*PROBLEM DETAILS*. Every record that follows should be copied exactly. No picture belongs in the copy.

*SOURCE DATA*.
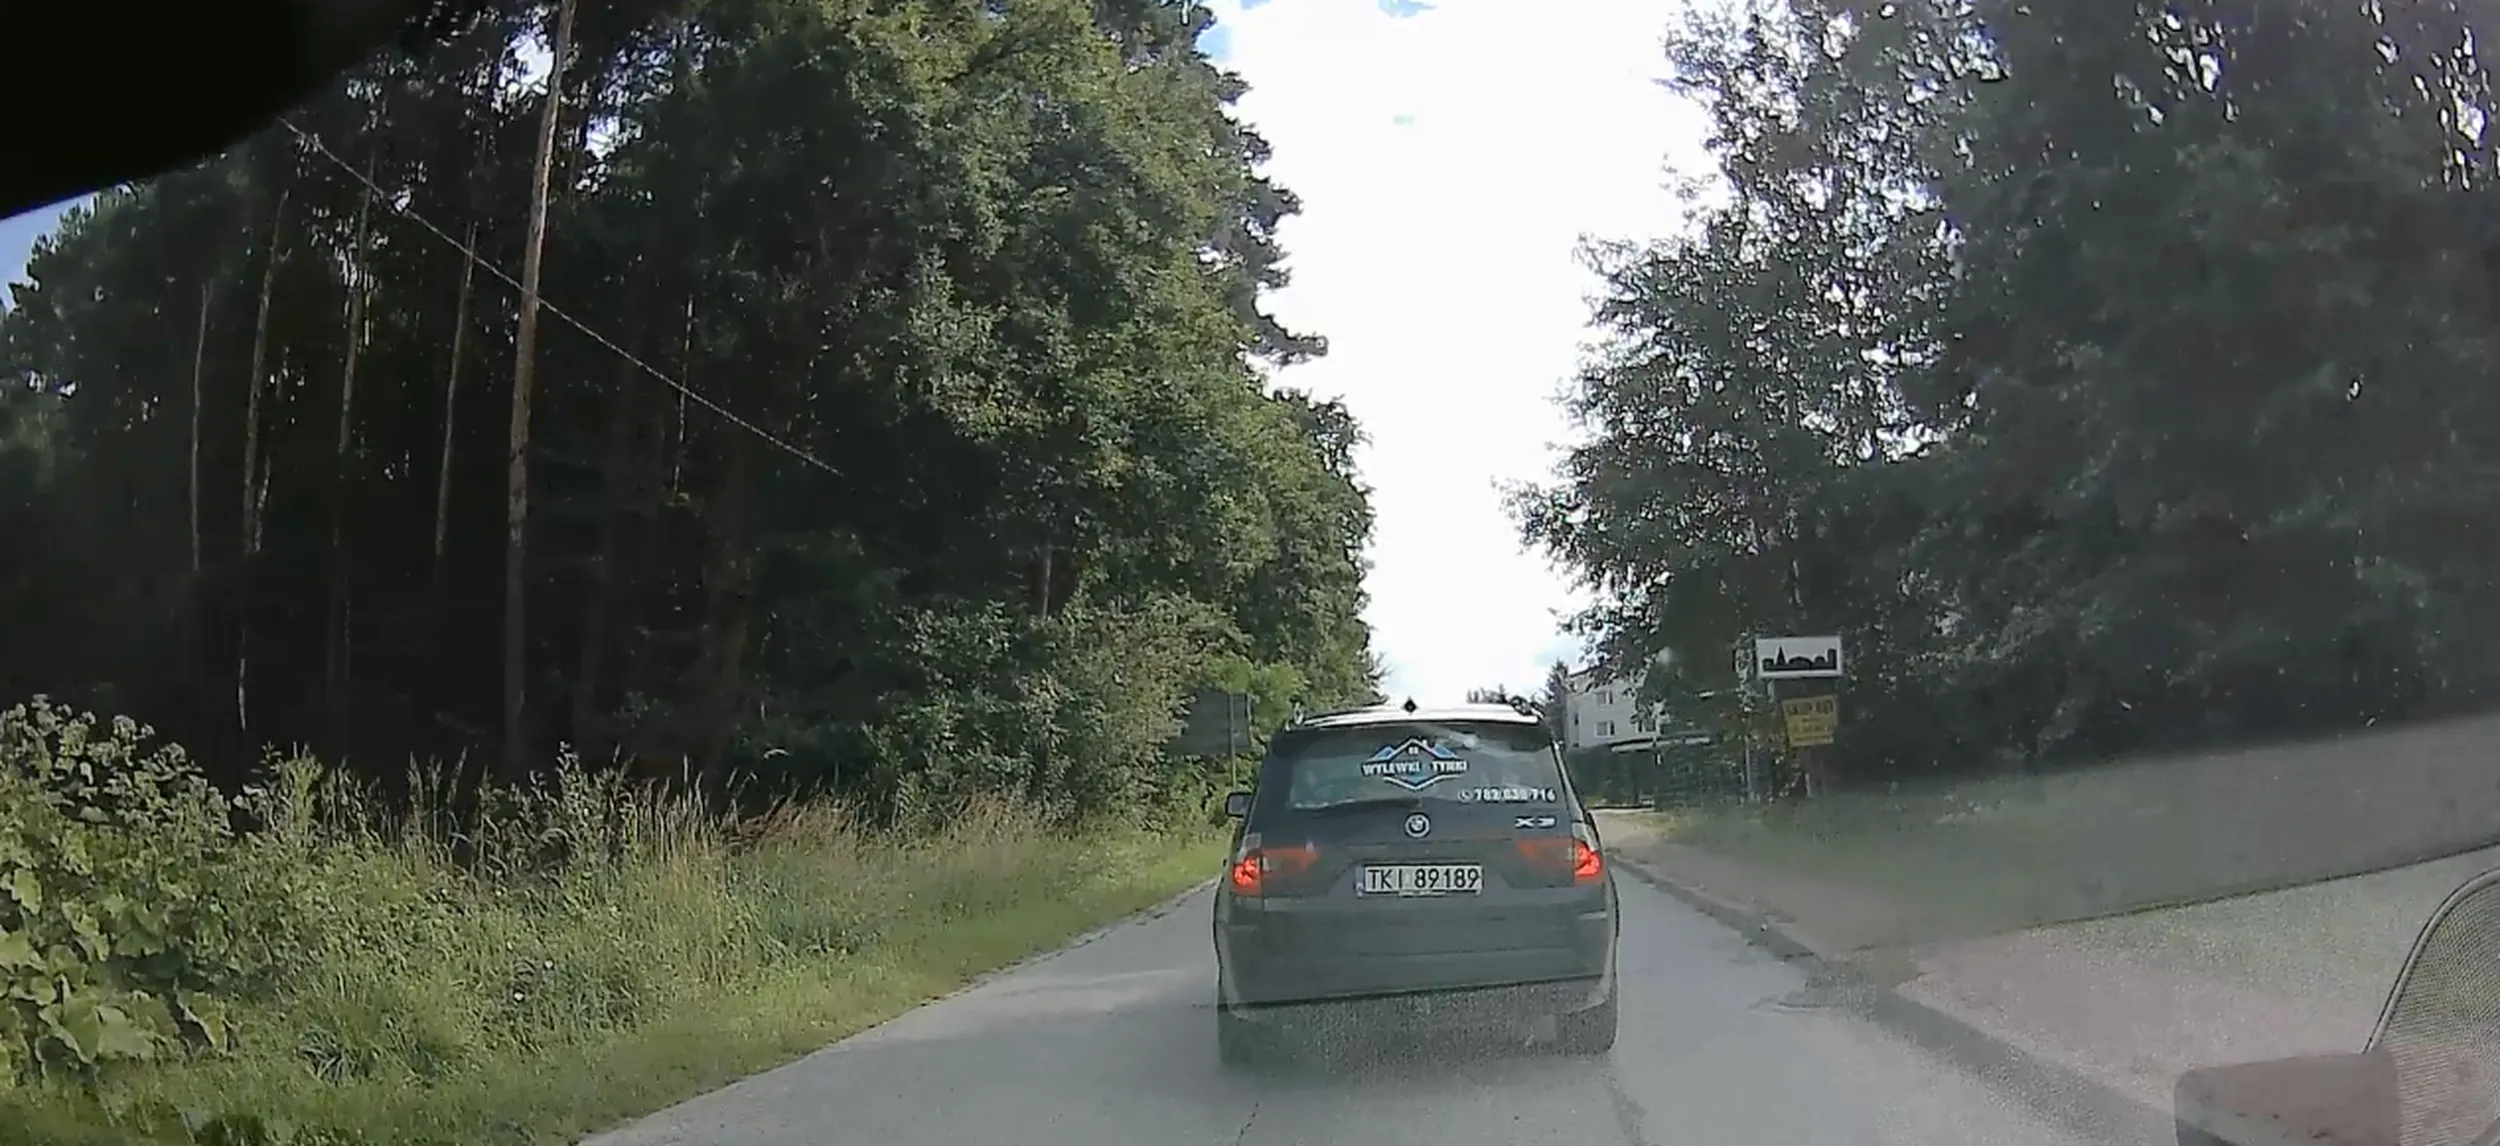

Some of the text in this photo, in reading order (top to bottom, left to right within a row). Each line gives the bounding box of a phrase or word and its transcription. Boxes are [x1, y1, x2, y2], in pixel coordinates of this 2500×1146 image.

[1362, 761, 1421, 775] WYLEWKI
[1530, 787, 1556, 801] 716
[1514, 817, 1556, 828] X3
[1367, 867, 1479, 889] TKI 89189
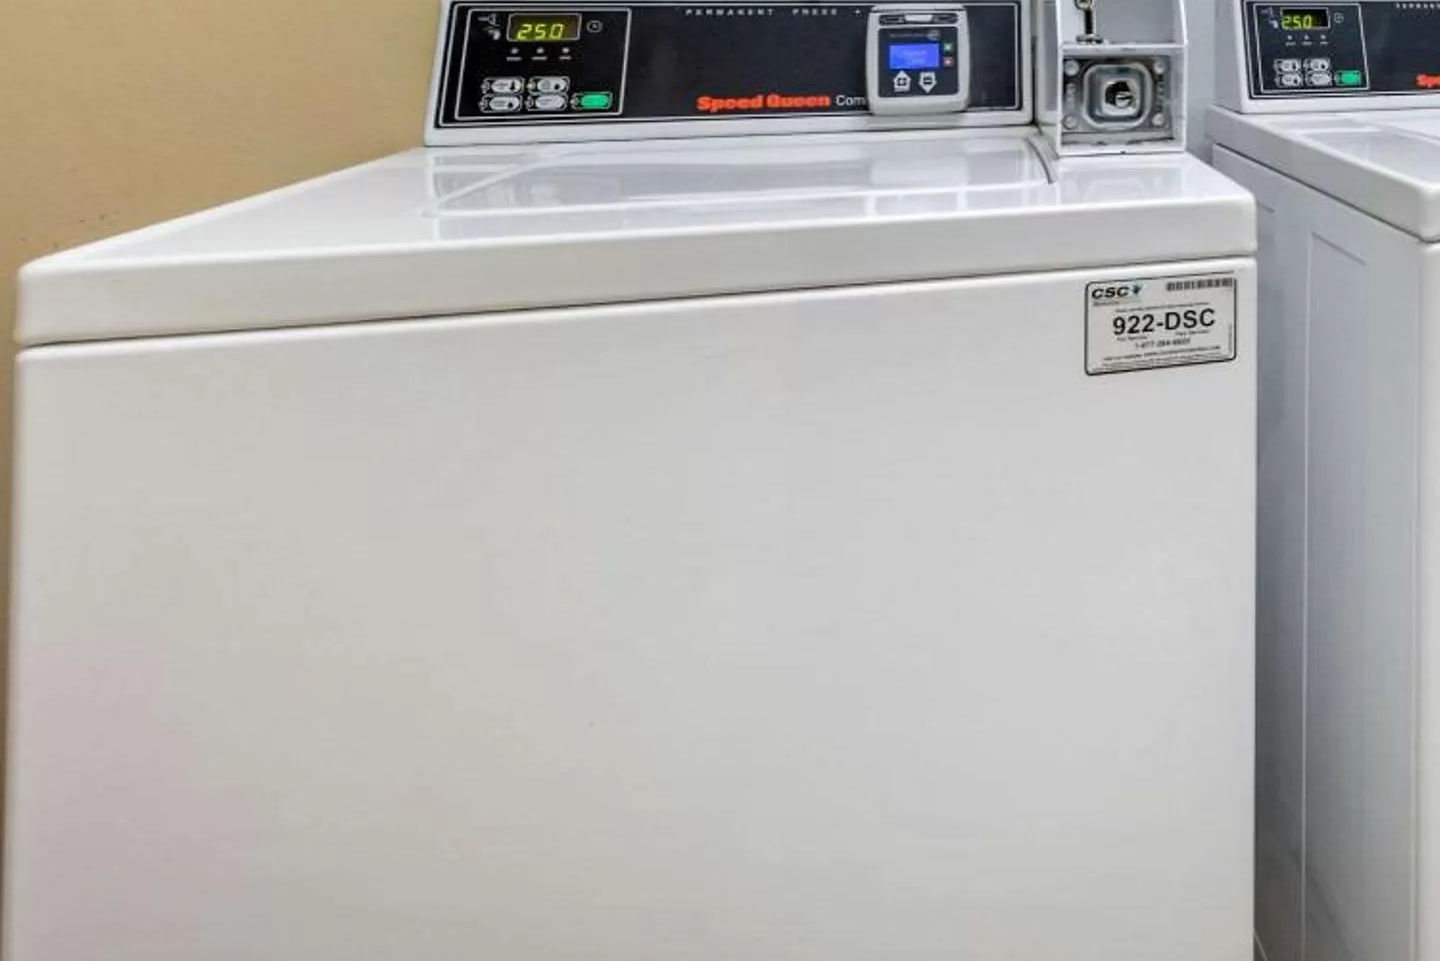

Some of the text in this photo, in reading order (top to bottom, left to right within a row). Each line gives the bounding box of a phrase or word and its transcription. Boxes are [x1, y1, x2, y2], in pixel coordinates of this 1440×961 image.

[1281, 14, 1312, 30] 250
[517, 23, 565, 40] 250
[697, 94, 764, 113] Speed
[767, 92, 832, 109] Queen
[1091, 286, 1130, 299] CSC
[1113, 308, 1215, 335] 922-DSC

*EXPECTED OUTPUT*.
Some of the text in this photo, in reading order (top to bottom, left to right within a row). Each line gives the bounding box of a phrase or word and its transcription. Boxes are [x1, y1, x2, y2], in pixel coordinates of this 2500×1146 image.

[1362, 761, 1421, 775] WYLEWKI
[1530, 787, 1556, 801] 716
[1514, 817, 1556, 828] X3
[1367, 867, 1479, 889] TKI 89189

Some of the text in this photo, in reading order (top to bottom, left to right within a row). Each line gives the bounding box of a phrase or word and its transcription. Boxes are [x1, y1, x2, y2], in pixel coordinates of this 1440×961 image.

[1281, 14, 1312, 30] 250
[517, 23, 565, 40] 250
[697, 94, 764, 113] Speed
[767, 92, 832, 109] Queen
[1091, 286, 1130, 299] CSC
[1113, 308, 1215, 335] 922-DSC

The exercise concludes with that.